What is the impact, if any, of creating indices on a labeled node that are unused in many instances of that node? More specifically, what is the impact on write performance, read performance, and space?

I'm using neo4j-enterprise v4.4.4.

I have a labeled node (:AnalysisResult) whose instances are created by several different analyzers. Each analyzer is represented by a different labeled node (:Analyzer). My current design adds an index to :AnalysisResult for each property created by a specific analyzer.

There are several million instances of AnalyisResult in the database. Any one Analysis Result instance has only a few properties -- the others are unused. There are several dozen indices defined on AnalysisResult, and each instance populates only a handful (less than six) of these.

When I do read queries, I use labeled relationships in a cypher query to collect the AnalysisResult instances for a given analyzer:

MATCH (analysisResult:AnalysisResult)-[ANALYZER]->(analyzer:Analyzer {analyzerID: 'aUniqueID'})
RETURN analysisResult, analyzer

The instances of AnalysisResult returned by this query do not have property values for the properties that are unused by the Analyzer that created them.

Is it worth refactoring the database to reduce the number of unused properties? For example, is it worth adding multiple labels, so that instead of :AnalysisResult, I instead create :AnalysisResult:HotSpot?
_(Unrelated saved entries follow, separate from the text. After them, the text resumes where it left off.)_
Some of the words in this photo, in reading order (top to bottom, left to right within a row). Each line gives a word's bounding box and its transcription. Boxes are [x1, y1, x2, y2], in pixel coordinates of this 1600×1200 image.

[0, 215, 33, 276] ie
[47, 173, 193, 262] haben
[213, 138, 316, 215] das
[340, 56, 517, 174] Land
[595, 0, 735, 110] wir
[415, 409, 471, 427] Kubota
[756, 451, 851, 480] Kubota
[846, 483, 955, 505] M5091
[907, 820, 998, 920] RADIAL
I ask because I'm about to introduce another Analyzer that will create several new properties on the AnalysisResult nodes that it creates.
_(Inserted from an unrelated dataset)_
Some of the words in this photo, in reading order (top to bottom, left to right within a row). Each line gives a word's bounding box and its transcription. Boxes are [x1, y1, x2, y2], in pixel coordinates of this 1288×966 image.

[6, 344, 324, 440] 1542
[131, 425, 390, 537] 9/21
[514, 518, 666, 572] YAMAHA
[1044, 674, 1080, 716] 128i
This is perhaps an object modeling question, but my immediate concern is whether the current approach I'm using is good enough.

The result is that I'll have several million instances of AnalysisResult that will have only 2-3 properties populated, and the other indices defined on AnalysisResult will be empty.

Please feel free to suggest whether this question belongs in a different discussion group.

4 REPLIES 4

What makes you think you need all of these indexes on AnalysisResult? The cypher you provided will not use any of the indexes on AnalysisResult but will use an index on Analyzer.analyserID if one exists. The relationship between the two nodes is a direct lookup, no indexes necessary, and will be executed starting with Analyzer nodes.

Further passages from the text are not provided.